**TASK DESCRIPTION:**
Please determine the number of lines in the material below that contain the word "text", and state it alone.

**RECORDS FOR THE EXERCISE:**
========================================

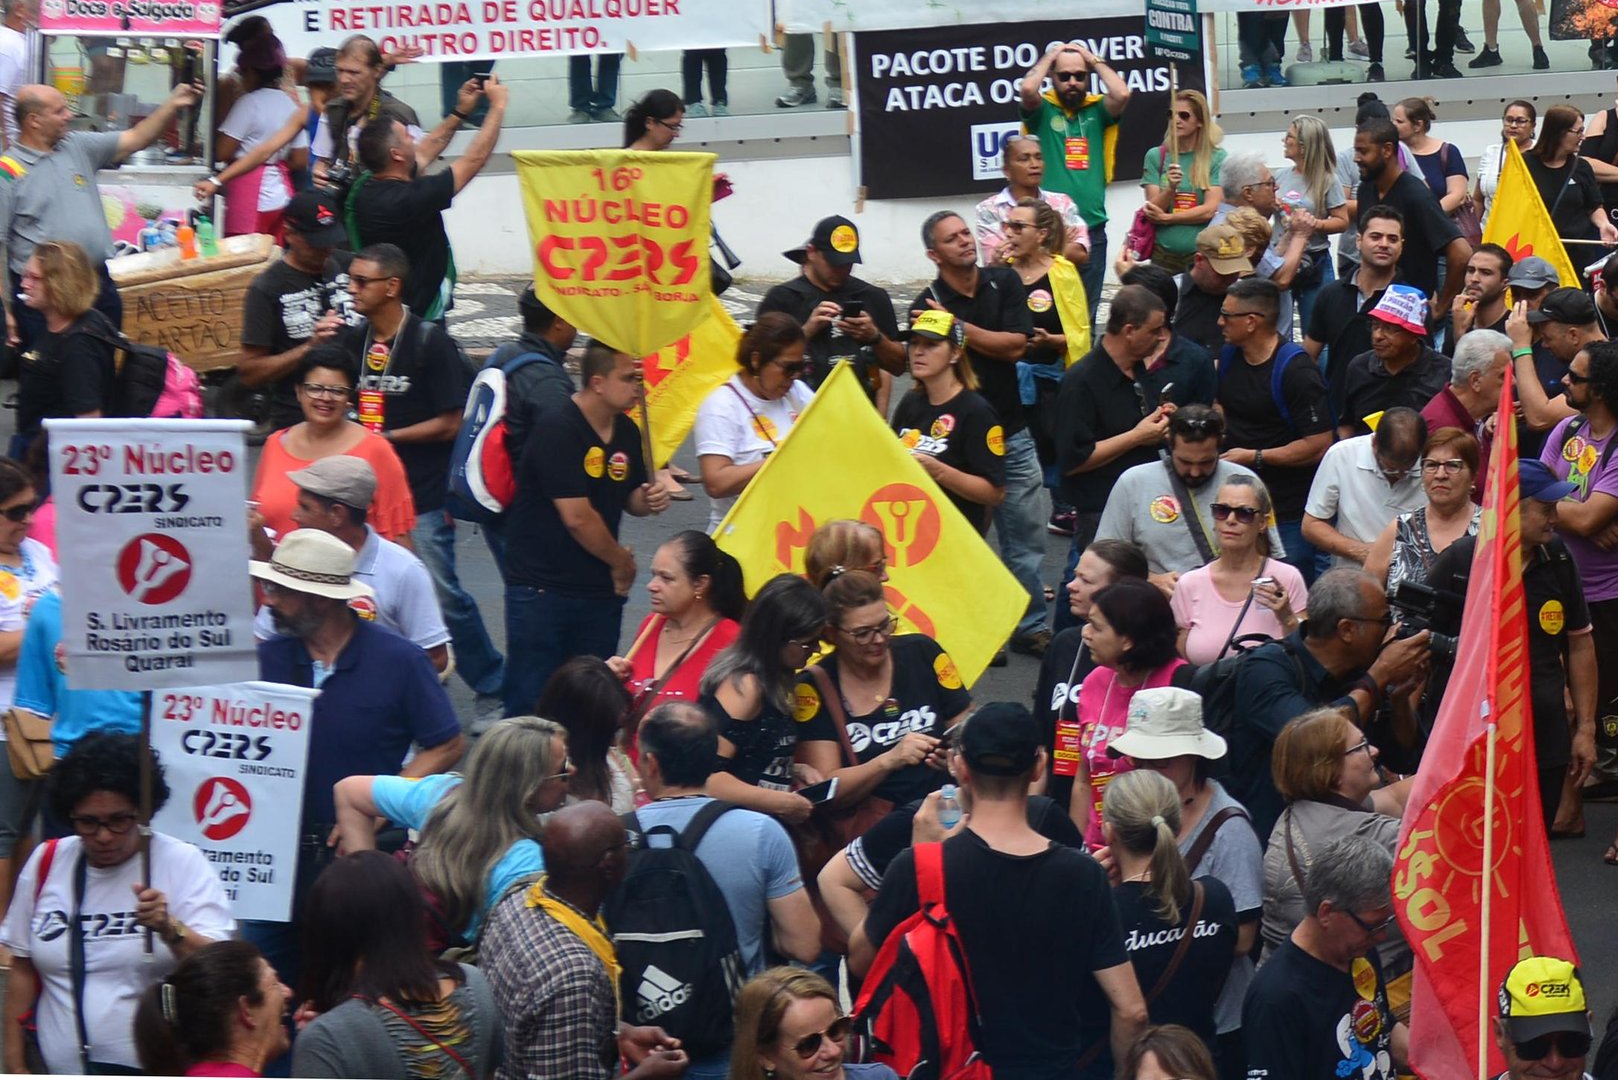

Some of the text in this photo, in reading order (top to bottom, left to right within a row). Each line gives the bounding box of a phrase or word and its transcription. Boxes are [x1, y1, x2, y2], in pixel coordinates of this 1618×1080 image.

========================================

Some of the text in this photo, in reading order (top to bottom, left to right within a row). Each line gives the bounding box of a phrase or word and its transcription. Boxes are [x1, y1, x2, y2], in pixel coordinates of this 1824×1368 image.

========================================

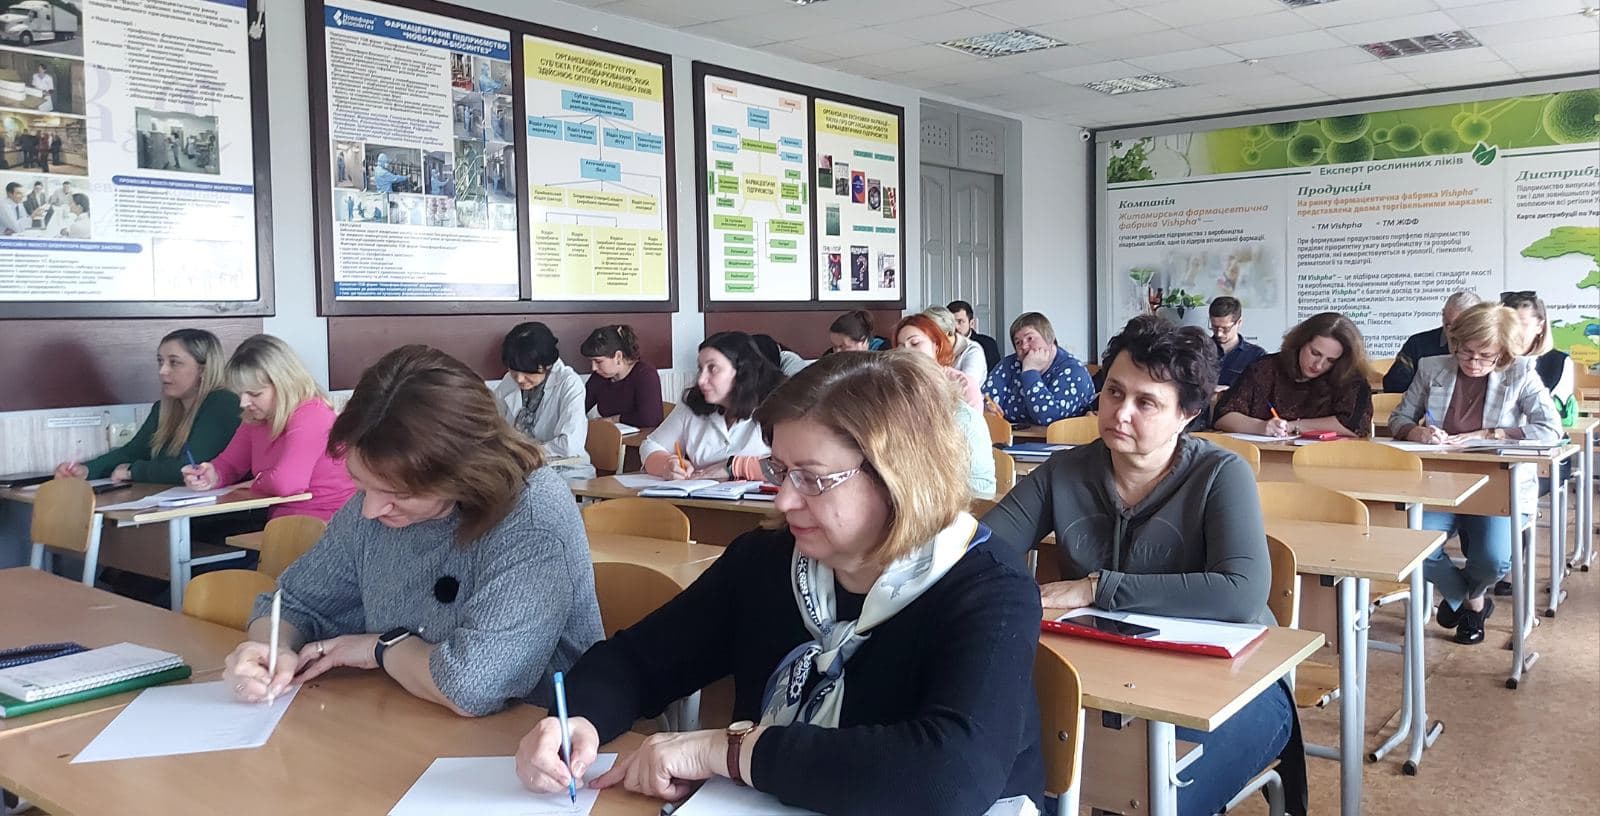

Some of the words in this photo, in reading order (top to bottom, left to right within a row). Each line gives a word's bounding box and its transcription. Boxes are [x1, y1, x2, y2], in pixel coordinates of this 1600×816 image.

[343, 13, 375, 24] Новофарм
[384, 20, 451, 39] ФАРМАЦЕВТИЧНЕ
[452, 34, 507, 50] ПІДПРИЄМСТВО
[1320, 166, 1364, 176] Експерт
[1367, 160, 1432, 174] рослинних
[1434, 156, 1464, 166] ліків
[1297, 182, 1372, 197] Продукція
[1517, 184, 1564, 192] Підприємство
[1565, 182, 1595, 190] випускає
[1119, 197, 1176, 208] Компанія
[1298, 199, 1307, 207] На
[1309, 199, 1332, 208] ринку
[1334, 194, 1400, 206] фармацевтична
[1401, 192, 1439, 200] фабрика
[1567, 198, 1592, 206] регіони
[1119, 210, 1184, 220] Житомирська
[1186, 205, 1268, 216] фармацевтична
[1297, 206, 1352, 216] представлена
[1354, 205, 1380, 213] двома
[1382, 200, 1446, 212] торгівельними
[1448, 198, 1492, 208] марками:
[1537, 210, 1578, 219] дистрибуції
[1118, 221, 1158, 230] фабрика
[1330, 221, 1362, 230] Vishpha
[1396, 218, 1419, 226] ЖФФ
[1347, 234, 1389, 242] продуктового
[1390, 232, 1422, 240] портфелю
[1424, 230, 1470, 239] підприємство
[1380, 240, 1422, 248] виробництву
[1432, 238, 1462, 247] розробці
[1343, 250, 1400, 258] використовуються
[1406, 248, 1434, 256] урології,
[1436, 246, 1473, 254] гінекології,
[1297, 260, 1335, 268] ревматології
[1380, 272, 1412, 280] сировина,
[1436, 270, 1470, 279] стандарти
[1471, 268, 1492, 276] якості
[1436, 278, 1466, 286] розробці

========================================

**ANSWER BOX:**
2